------ Input for this task ------

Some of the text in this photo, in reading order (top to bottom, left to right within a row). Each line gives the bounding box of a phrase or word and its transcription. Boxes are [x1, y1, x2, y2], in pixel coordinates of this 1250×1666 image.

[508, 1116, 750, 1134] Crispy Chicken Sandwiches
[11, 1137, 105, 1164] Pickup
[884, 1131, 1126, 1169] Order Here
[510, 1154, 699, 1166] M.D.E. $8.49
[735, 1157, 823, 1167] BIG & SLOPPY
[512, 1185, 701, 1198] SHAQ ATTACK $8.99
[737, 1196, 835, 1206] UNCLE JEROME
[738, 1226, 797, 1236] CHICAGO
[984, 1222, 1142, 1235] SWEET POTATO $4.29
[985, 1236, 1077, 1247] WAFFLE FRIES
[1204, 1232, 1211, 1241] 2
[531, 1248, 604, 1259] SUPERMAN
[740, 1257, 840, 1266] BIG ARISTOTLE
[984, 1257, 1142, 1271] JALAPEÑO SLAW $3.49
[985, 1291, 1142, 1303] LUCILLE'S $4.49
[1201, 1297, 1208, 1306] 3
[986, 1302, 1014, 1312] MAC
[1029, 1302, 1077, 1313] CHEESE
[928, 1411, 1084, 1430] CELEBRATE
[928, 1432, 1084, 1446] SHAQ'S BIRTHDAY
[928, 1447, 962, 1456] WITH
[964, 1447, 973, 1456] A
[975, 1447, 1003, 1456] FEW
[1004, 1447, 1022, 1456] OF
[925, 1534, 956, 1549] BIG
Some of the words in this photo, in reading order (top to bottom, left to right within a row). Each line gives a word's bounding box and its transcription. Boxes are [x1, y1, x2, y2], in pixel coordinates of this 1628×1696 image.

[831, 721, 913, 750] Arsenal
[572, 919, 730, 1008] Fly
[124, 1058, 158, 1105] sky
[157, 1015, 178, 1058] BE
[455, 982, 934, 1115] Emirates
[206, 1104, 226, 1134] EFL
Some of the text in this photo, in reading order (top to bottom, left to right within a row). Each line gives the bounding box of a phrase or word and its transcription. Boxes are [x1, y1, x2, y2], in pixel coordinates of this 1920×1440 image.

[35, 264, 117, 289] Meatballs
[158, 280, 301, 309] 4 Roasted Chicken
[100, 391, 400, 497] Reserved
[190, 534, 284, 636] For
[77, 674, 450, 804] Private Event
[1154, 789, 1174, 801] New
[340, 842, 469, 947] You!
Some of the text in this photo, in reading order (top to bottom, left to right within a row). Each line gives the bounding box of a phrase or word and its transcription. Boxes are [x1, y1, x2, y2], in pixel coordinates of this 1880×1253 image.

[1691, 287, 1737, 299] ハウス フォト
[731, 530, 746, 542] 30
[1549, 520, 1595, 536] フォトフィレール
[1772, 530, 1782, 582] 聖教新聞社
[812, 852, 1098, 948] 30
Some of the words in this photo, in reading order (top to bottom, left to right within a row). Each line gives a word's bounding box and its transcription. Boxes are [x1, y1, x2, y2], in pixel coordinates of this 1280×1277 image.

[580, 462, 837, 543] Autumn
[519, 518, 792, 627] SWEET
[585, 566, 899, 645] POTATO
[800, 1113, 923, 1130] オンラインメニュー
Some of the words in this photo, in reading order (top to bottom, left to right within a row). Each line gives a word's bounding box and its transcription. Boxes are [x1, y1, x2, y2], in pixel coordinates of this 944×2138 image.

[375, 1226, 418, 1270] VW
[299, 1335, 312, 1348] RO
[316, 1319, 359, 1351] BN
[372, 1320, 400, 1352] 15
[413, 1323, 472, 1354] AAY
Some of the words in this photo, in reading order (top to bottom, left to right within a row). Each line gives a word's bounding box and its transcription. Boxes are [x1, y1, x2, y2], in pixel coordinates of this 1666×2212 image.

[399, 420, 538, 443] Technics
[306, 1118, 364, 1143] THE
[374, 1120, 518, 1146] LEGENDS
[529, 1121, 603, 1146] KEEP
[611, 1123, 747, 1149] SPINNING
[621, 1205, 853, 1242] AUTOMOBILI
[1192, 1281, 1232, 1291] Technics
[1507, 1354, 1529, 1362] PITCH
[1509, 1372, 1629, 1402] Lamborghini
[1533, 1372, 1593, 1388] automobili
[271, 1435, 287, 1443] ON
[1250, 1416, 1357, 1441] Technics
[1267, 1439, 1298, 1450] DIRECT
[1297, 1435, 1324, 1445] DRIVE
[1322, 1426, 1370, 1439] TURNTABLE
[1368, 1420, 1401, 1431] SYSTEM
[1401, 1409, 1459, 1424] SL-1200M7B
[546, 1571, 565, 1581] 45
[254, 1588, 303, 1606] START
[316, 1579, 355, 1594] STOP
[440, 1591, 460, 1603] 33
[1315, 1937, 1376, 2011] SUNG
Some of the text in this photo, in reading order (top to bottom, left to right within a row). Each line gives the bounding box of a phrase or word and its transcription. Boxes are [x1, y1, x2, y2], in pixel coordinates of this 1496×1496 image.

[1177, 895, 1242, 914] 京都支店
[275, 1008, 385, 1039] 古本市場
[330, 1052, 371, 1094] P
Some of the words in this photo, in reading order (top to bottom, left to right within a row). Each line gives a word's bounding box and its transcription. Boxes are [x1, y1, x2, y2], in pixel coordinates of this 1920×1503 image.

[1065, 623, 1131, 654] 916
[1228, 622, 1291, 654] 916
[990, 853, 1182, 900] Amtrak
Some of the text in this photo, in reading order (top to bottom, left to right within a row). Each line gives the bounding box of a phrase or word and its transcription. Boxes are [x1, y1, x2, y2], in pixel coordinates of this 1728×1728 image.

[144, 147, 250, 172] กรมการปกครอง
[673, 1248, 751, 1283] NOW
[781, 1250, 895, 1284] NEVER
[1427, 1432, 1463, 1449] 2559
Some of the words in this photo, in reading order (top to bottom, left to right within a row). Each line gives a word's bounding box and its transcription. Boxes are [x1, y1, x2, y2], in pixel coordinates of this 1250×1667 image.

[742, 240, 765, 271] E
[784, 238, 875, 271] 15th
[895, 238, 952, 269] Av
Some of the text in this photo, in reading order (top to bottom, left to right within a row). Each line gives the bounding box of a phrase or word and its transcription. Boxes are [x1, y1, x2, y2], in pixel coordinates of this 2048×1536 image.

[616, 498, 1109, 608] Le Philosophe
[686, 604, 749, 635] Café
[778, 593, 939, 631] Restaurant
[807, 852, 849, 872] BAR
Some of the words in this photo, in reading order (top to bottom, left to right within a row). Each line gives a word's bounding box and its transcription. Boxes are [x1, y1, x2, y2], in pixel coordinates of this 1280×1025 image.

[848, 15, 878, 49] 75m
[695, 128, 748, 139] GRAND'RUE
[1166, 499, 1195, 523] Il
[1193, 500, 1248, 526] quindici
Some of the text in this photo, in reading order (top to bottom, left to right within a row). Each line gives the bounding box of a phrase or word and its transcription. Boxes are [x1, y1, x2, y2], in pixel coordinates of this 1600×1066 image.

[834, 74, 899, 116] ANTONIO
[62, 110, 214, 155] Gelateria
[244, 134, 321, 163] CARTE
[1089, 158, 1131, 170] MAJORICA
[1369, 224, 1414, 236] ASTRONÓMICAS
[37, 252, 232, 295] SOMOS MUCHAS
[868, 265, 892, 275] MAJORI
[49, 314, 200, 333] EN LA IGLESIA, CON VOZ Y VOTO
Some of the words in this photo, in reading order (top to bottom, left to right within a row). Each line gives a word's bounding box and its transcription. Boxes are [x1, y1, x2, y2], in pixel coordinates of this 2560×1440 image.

------

◆ Work to complete
All the records above need to be printed exactly.

◆ Written reply
Some of the text in this photo, in reading order (top to bottom, left to right within a row). Each line gives the bounding box of a phrase or word and its transcription. Boxes are [x1, y1, x2, y2], in pixel coordinates of this 1250×1666 image.

[508, 1116, 750, 1134] Crispy Chicken Sandwiches
[11, 1137, 105, 1164] Pickup
[884, 1131, 1126, 1169] Order Here
[510, 1154, 699, 1166] M.D.E. $8.49
[735, 1157, 823, 1167] BIG & SLOPPY
[512, 1185, 701, 1198] SHAQ ATTACK $8.99
[737, 1196, 835, 1206] UNCLE JEROME
[738, 1226, 797, 1236] CHICAGO
[984, 1222, 1142, 1235] SWEET POTATO $4.29
[985, 1236, 1077, 1247] WAFFLE FRIES
[1204, 1232, 1211, 1241] 2
[531, 1248, 604, 1259] SUPERMAN
[740, 1257, 840, 1266] BIG ARISTOTLE
[984, 1257, 1142, 1271] JALAPEÑO SLAW $3.49
[985, 1291, 1142, 1303] LUCILLE'S $4.49
[1201, 1297, 1208, 1306] 3
[986, 1302, 1014, 1312] MAC
[1029, 1302, 1077, 1313] CHEESE
[928, 1411, 1084, 1430] CELEBRATE
[928, 1432, 1084, 1446] SHAQ'S BIRTHDAY
[928, 1447, 962, 1456] WITH
[964, 1447, 973, 1456] A
[975, 1447, 1003, 1456] FEW
[1004, 1447, 1022, 1456] OF
[925, 1534, 956, 1549] BIG
Some of the words in this photo, in reading order (top to bottom, left to right within a row). Each line gives a word's bounding box and its transcription. Boxes are [x1, y1, x2, y2], in pixel coordinates of this 1628×1696 image.

[831, 721, 913, 750] Arsenal
[572, 919, 730, 1008] Fly
[124, 1058, 158, 1105] sky
[157, 1015, 178, 1058] BE
[455, 982, 934, 1115] Emirates
[206, 1104, 226, 1134] EFL
Some of the text in this photo, in reading order (top to bottom, left to right within a row). Each line gives the bounding box of a phrase or word and its transcription. Boxes are [x1, y1, x2, y2], in pixel coordinates of this 1920×1440 image.

[35, 264, 117, 289] Meatballs
[158, 280, 301, 309] 4 Roasted Chicken
[100, 391, 400, 497] Reserved
[190, 534, 284, 636] For
[77, 674, 450, 804] Private Event
[1154, 789, 1174, 801] New
[340, 842, 469, 947] You!
Some of the text in this photo, in reading order (top to bottom, left to right within a row). Each line gives the bounding box of a phrase or word and its transcription. Boxes are [x1, y1, x2, y2], in pixel coordinates of this 1880×1253 image.

[1691, 287, 1737, 299] ハウス フォト
[731, 530, 746, 542] 30
[1549, 520, 1595, 536] フォトフィレール
[1772, 530, 1782, 582] 聖教新聞社
[812, 852, 1098, 948] 30
Some of the words in this photo, in reading order (top to bottom, left to right within a row). Each line gives a word's bounding box and its transcription. Boxes are [x1, y1, x2, y2], in pixel coordinates of this 1280×1277 image.

[580, 462, 837, 543] Autumn
[519, 518, 792, 627] SWEET
[585, 566, 899, 645] POTATO
[800, 1113, 923, 1130] オンラインメニュー
Some of the words in this photo, in reading order (top to bottom, left to right within a row). Each line gives a word's bounding box and its transcription. Boxes are [x1, y1, x2, y2], in pixel coordinates of this 944×2138 image.

[375, 1226, 418, 1270] VW
[299, 1335, 312, 1348] RO
[316, 1319, 359, 1351] BN
[372, 1320, 400, 1352] 15
[413, 1323, 472, 1354] AAY
Some of the words in this photo, in reading order (top to bottom, left to right within a row). Each line gives a word's bounding box and its transcription. Boxes are [x1, y1, x2, y2], in pixel coordinates of this 1666×2212 image.

[399, 420, 538, 443] Technics
[306, 1118, 364, 1143] THE
[374, 1120, 518, 1146] LEGENDS
[529, 1121, 603, 1146] KEEP
[611, 1123, 747, 1149] SPINNING
[621, 1205, 853, 1242] AUTOMOBILI
[1192, 1281, 1232, 1291] Technics
[1507, 1354, 1529, 1362] PITCH
[1509, 1372, 1629, 1402] Lamborghini
[1533, 1372, 1593, 1388] automobili
[271, 1435, 287, 1443] ON
[1250, 1416, 1357, 1441] Technics
[1267, 1439, 1298, 1450] DIRECT
[1297, 1435, 1324, 1445] DRIVE
[1322, 1426, 1370, 1439] TURNTABLE
[1368, 1420, 1401, 1431] SYSTEM
[1401, 1409, 1459, 1424] SL-1200M7B
[546, 1571, 565, 1581] 45
[254, 1588, 303, 1606] START
[316, 1579, 355, 1594] STOP
[440, 1591, 460, 1603] 33
[1315, 1937, 1376, 2011] SUNG
Some of the text in this photo, in reading order (top to bottom, left to right within a row). Each line gives the bounding box of a phrase or word and its transcription. Boxes are [x1, y1, x2, y2], in pixel coordinates of this 1496×1496 image.

[1177, 895, 1242, 914] 京都支店
[275, 1008, 385, 1039] 古本市場
[330, 1052, 371, 1094] P
Some of the words in this photo, in reading order (top to bottom, left to right within a row). Each line gives a word's bounding box and its transcription. Boxes are [x1, y1, x2, y2], in pixel coordinates of this 1920×1503 image.

[1065, 623, 1131, 654] 916
[1228, 622, 1291, 654] 916
[990, 853, 1182, 900] Amtrak
Some of the text in this photo, in reading order (top to bottom, left to right within a row). Each line gives the bounding box of a phrase or word and its transcription. Boxes are [x1, y1, x2, y2], in pixel coordinates of this 1728×1728 image.

[144, 147, 250, 172] กรมการปกครอง
[673, 1248, 751, 1283] NOW
[781, 1250, 895, 1284] NEVER
[1427, 1432, 1463, 1449] 2559
Some of the words in this photo, in reading order (top to bottom, left to right within a row). Each line gives a word's bounding box and its transcription. Boxes are [x1, y1, x2, y2], in pixel coordinates of this 1250×1667 image.

[742, 240, 765, 271] E
[784, 238, 875, 271] 15th
[895, 238, 952, 269] Av
Some of the text in this photo, in reading order (top to bottom, left to right within a row). Each line gives the bounding box of a phrase or word and its transcription. Boxes are [x1, y1, x2, y2], in pixel coordinates of this 2048×1536 image.

[616, 498, 1109, 608] Le Philosophe
[686, 604, 749, 635] Café
[778, 593, 939, 631] Restaurant
[807, 852, 849, 872] BAR
Some of the words in this photo, in reading order (top to bottom, left to right within a row). Each line gives a word's bounding box and its transcription. Boxes are [x1, y1, x2, y2], in pixel coordinates of this 1280×1025 image.

[848, 15, 878, 49] 75m
[695, 128, 748, 139] GRAND'RUE
[1166, 499, 1195, 523] Il
[1193, 500, 1248, 526] quindici
Some of the text in this photo, in reading order (top to bottom, left to right within a row). Each line gives the bounding box of a phrase or word and its transcription. Boxes are [x1, y1, x2, y2], in pixel coordinates of this 1600×1066 image.

[834, 74, 899, 116] ANTONIO
[62, 110, 214, 155] Gelateria
[244, 134, 321, 163] CARTE
[1089, 158, 1131, 170] MAJORICA
[1369, 224, 1414, 236] ASTRONÓMICAS
[37, 252, 232, 295] SOMOS MUCHAS
[868, 265, 892, 275] MAJORI
[49, 314, 200, 333] EN LA IGLESIA, CON VOZ Y VOTO
Some of the words in this photo, in reading order (top to bottom, left to right within a row). Each line gives a word's bounding box and its transcription. Boxes are [x1, y1, x2, y2], in pixel coordinates of this 2560×1440 image.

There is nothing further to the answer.